La Mandra di Balascia |
A Balascia, nell’area del Museo Tematico
all’Aperto, tra le altre tracce visibili del lavoro umano vi sono i ruderi di
due mandrie, sorta di recinti costruiti
in muratura a secco, di ricovero per il gregge. Parlare di una di queste
è, senza dubbio, tornare un po’ indietro, non tanto nel tempo come tale, quanto
nel processo economico sociale che, dico io, in sì breve volgere di anni ce ne
ha allontanati. Cercando, appunto, di fare memoria attraverso il polverone che
ci divide e facendoci condurre da quel filo immaginario che ci può unire,
vediamo se, in breve, è possibile
manifestare il mio intento.
La mandria, nella vita agro pastorale di
anni addietro assumeva importanza quasi vitale per i rapporti tra gregge (di
capre soprattutto) e pastore; per questo la sua collocazione nell’azienda
godeva di non poca riflessione. Tra le tante opportunità che doveva assolvere
vediamone alcune: vicinanza alla casa del pastore, luogo asciutto, base solida,
in leggera pendenza e al riparo dai venti.

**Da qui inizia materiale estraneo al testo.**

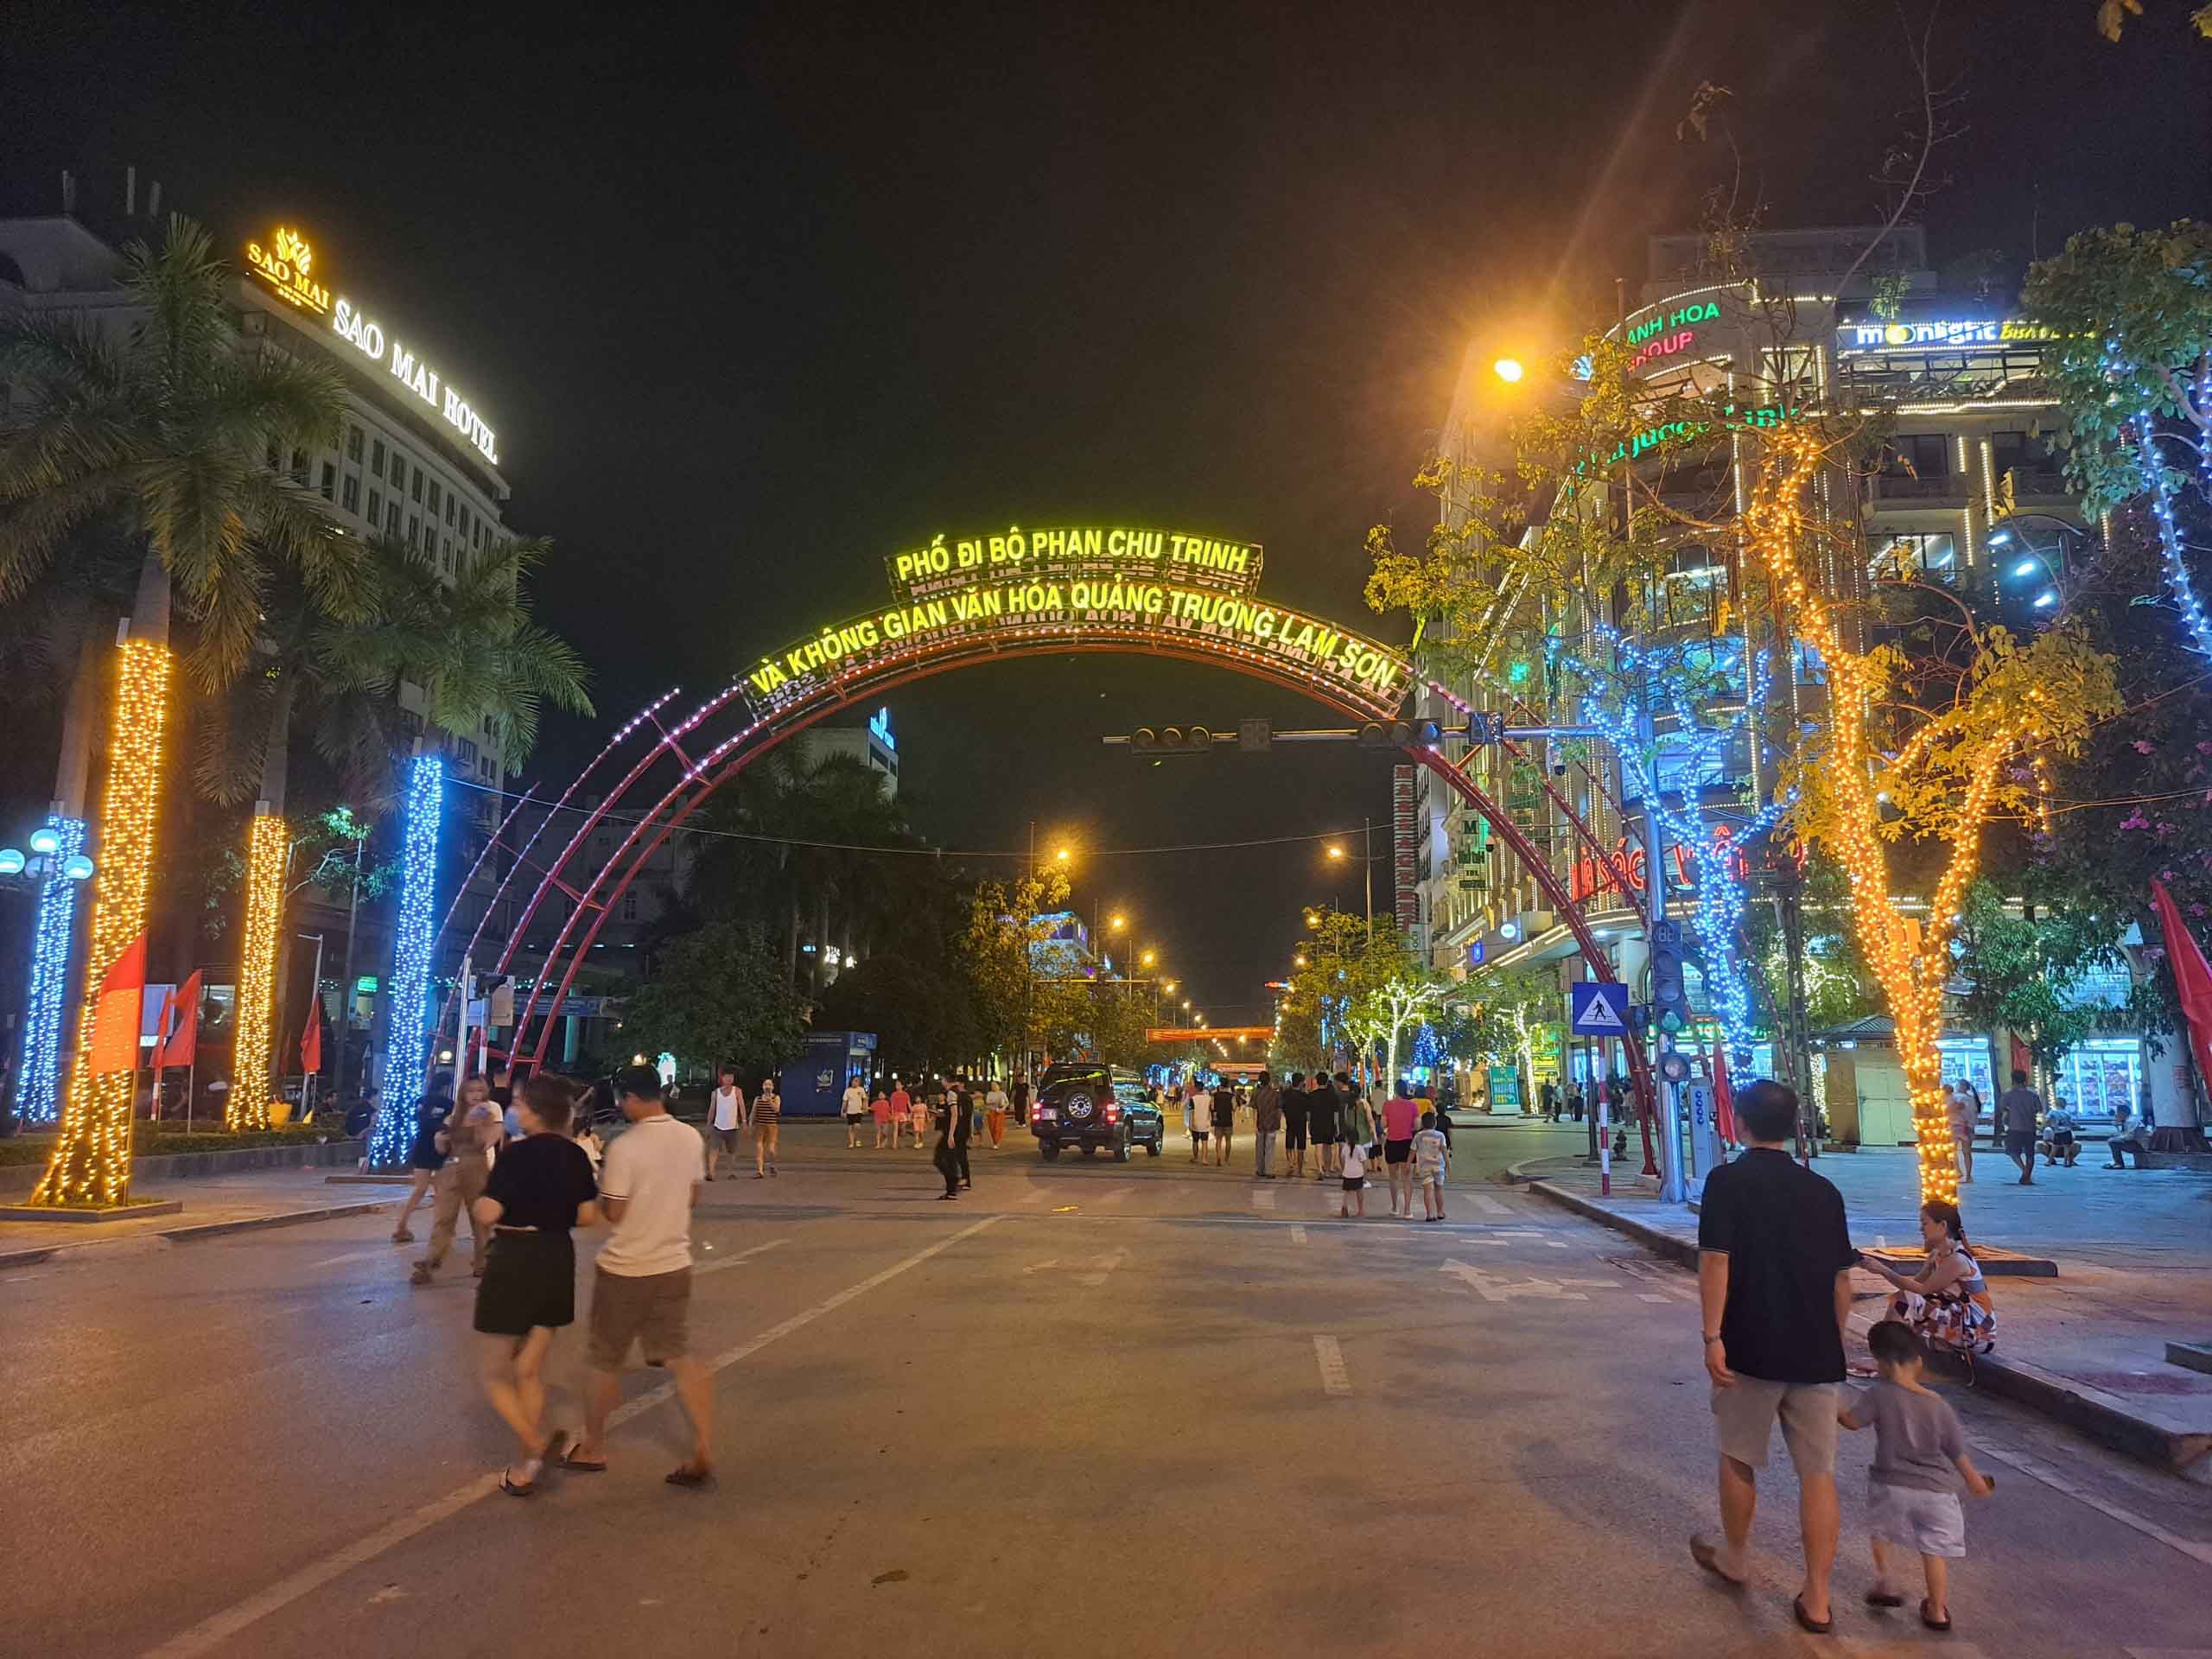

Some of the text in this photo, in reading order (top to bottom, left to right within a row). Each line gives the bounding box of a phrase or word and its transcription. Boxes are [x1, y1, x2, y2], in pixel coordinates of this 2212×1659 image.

[249, 243, 329, 309] SAO MAI
[1669, 302, 1720, 327] HOA
[1857, 321, 1999, 345] moonlight
[1627, 331, 1694, 373] OUP
[333, 300, 499, 465] SAO MAI HOTEL
[896, 525, 1249, 582] PHỐ ĐI BỘ PHAN CHU TRINH
[750, 658, 788, 693] VÀ
[786, 620, 880, 677] KHÔNG
[883, 600, 948, 639] GIAN
[951, 586, 1001, 621] VĂN
[1007, 576, 1063, 613] HÓA
[1071, 571, 1163, 614] QUẢNG
[1278, 617, 1339, 659] LAM
[1340, 642, 1398, 690] SƠN

Il recinto, spesso, era alto e sormontato
da (lu rasittu) frasche dure e
pungenti (rami di ginepro) per dissuadere le capre dal loro facile saltare.
L’unico accesso era assicurato da un cancello
in legno (la ‘jaca) di ginepro
od olivastro (nibbaru o uddhastru)
costruito dallo stesso pastore. Poteva aprire verso l’interno o l’esterno
poiché il perno era sistemato, solitamente, al centro del muro che lo reggeva.

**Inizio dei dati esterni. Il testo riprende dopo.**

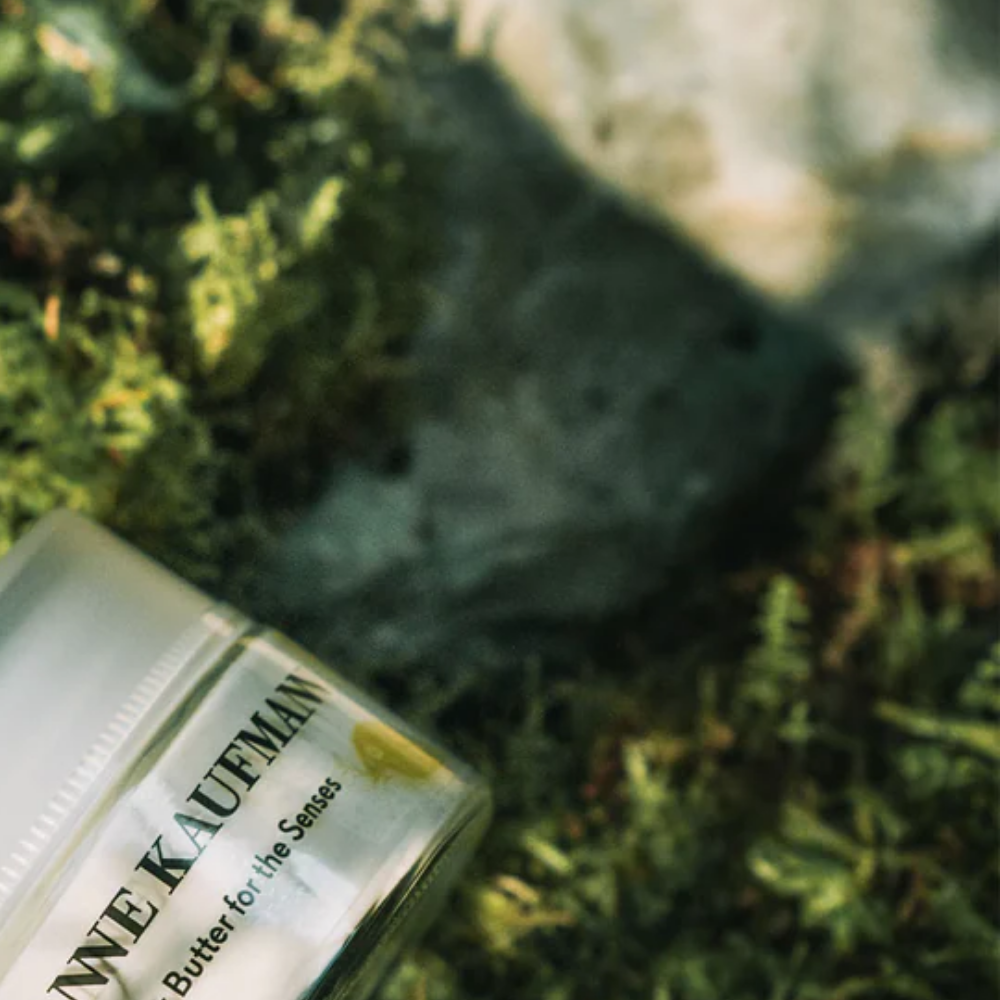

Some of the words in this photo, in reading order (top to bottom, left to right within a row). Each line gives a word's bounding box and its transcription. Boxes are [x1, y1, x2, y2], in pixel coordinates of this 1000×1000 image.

[162, 915, 235, 997] Butter
[223, 881, 262, 916] for
[254, 841, 291, 879] the
[278, 776, 342, 842] Senses

Il fermo era sovente risolto con due legni amovibili che conficcati nel muro,
nel lato opposto al perno, ne assicuravano la chiusura e ne favorivano
l’apertura.
Una pertinenza immancabile illa mandra capruna era (lu salconi) il ricovero dei capretti destinati alla
commercializzazione. Si trattava di un tunnel o corridoio a sezione triangolare
con ingresso dall’interno della mandria e corpo esterno ad essa. Questo particolare
era quello che distingueva la mandria delle capre da quella delle pecore,
generalmente più semplice e spesso un chiuso risolto semplicemente con cisto (mucchju) o frasche simili, e che aveva
pavimento in pietrame e pareti interne in tronchi che si incontravano verso
l’alto per essere coperti ancora con zolle di terra o pietrame stesso. I tronchi potevano essere sostituiti da
lastre in granito le cui estremità superiori si incontravano per assicurare la
maggior stabilità.
Una mandria poteva avere uno o più salconi, a seconda della capienza o
della quantità dei capi che componevano il gregge. Altro particolare era il
sistema di chiusura: una sorta di tronchi di lunghezza decrescente verso l’alto
erano tenuti da due tronchi conficcati nel terreno che seguivano la stessa
geometria della sezione del ricovero e ben fissati all’estremità superiore.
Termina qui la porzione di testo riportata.